General relativity, although not nearly as well established as
quantum mechanics, has been verified by plenty of different experiments.
In fact, the Global Positioning System makes relativistic corrections
in calculating positions. Relativity is plain old engineering now.
John Horgan
Kevin Kelly, George Johnson, Ernest B. Hook, Paul Davies, and Lee
Smolin on Horgan
From: Kevin Kelly
Submitted: 4/30/97
Re: Horgan Reply
I like the boldness of your argument, John Horgan, but you leave
me behind whenever we arrive at this central issue of your own
certainty that some fashionable science theories are unverifiable.
Ironic science, you call it. When I queried you about why you reject
superstring theory and not relativity both to my mind equally
abstract and out of the realm of ordinary experience you
replied back:
If you don't want to take my word that superstring theory is
unverifiable, in the same sense that the standard model is, read
Weinberg's Dreams of a Final Theory or Hawking's
Brief History of Time. They concede that the Planck scale,
where superstrings supposedly dwell, can never be directly accessed
through experiments.
Well, I don't take your word, nor theirs, on this, as much
as I respect Weinberg and Hawking. This is where I depart from your
very interesting hypothesis: that you offer only an ironic and not
a scientific means to predict what is "unverifiable" and what is
not.
By what means are we so sure superstring theory is unverifiable?

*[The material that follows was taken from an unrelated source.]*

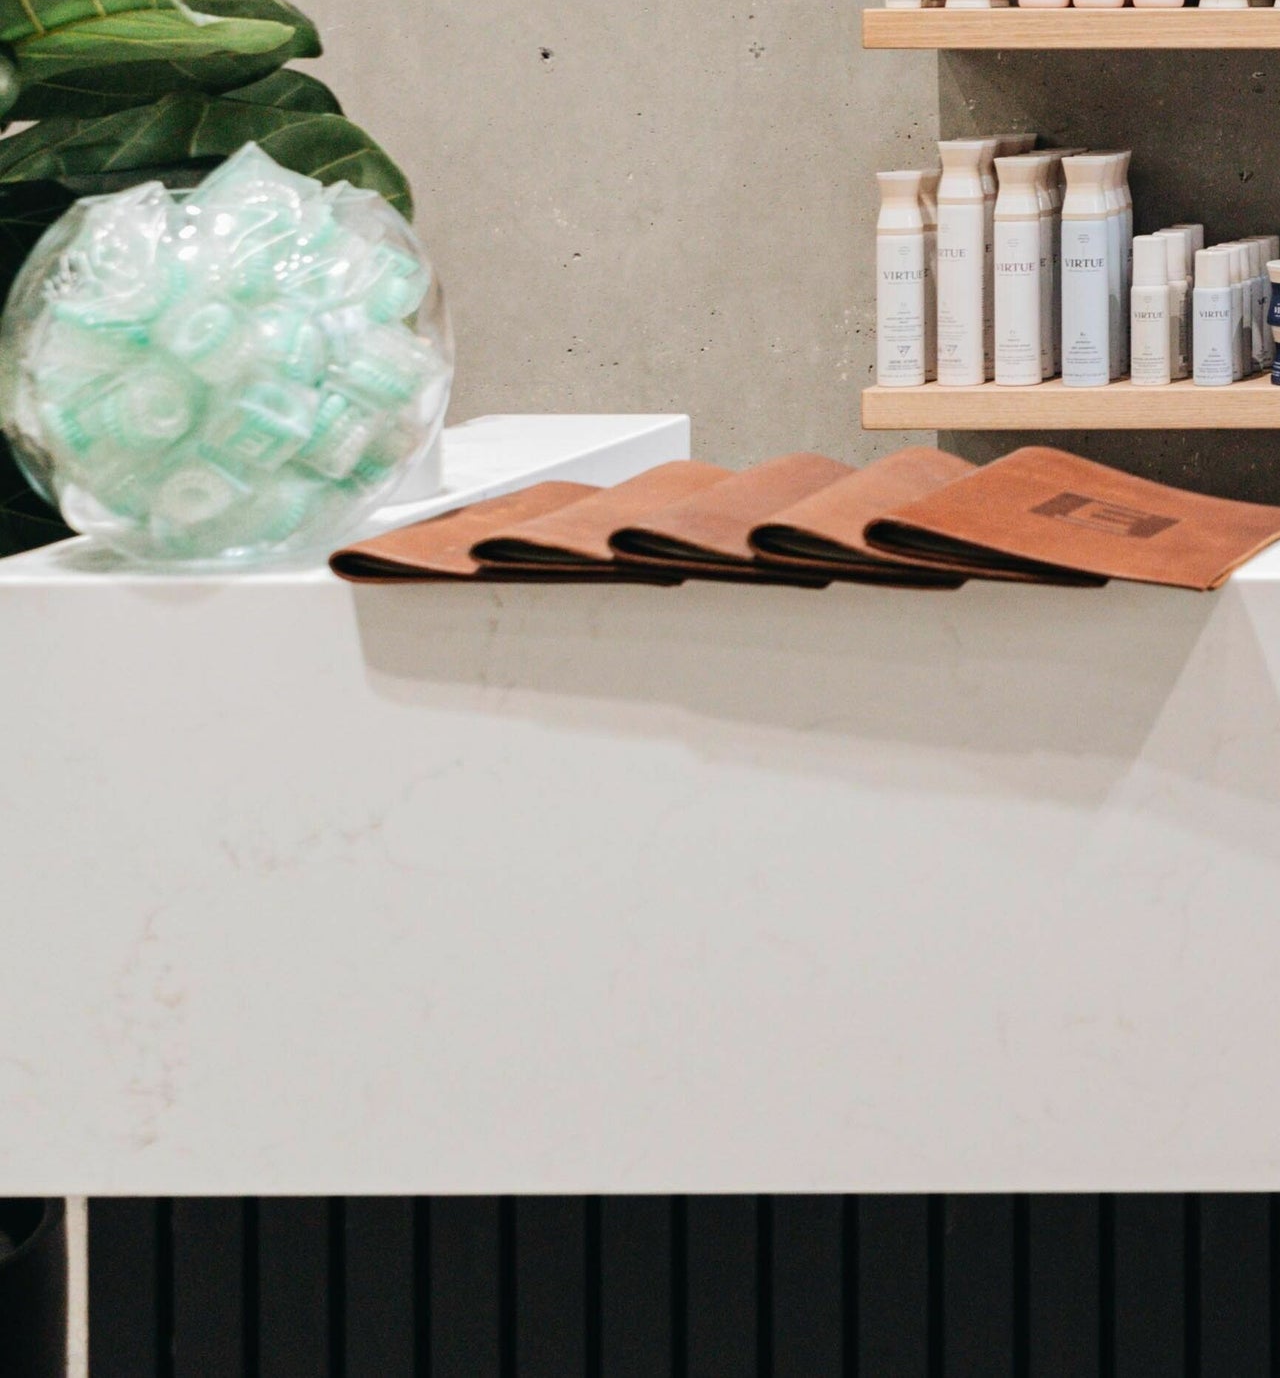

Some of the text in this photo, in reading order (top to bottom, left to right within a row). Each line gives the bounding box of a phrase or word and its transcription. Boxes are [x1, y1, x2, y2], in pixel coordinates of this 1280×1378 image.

[938, 248, 966, 258] RTUE
[1064, 258, 1104, 268] VIRTUE
[1199, 310, 1230, 318] VIRTUE

Before general relativity was verified, how much certainty was there
that is was verifiable? Very little at first, as a fine grained
reading of the history shows. Ditto for the more extreme notions
in quantum theory, which of course even Einstein had doubts about
anyone being able to prove. But now that they have been verified
(and shown to be verifiable) they become "fundamental" in your view,
whereas any far out idea that has not been verified yet becomes
"unverifiable" in your notion. This is what I would call "ironic
science"; Something is ironic until it becomes fundamental. How
can a theory migrate from being "ironic" to "fundamental"? Only
because those terms have no exactness or meaning except in retrospect.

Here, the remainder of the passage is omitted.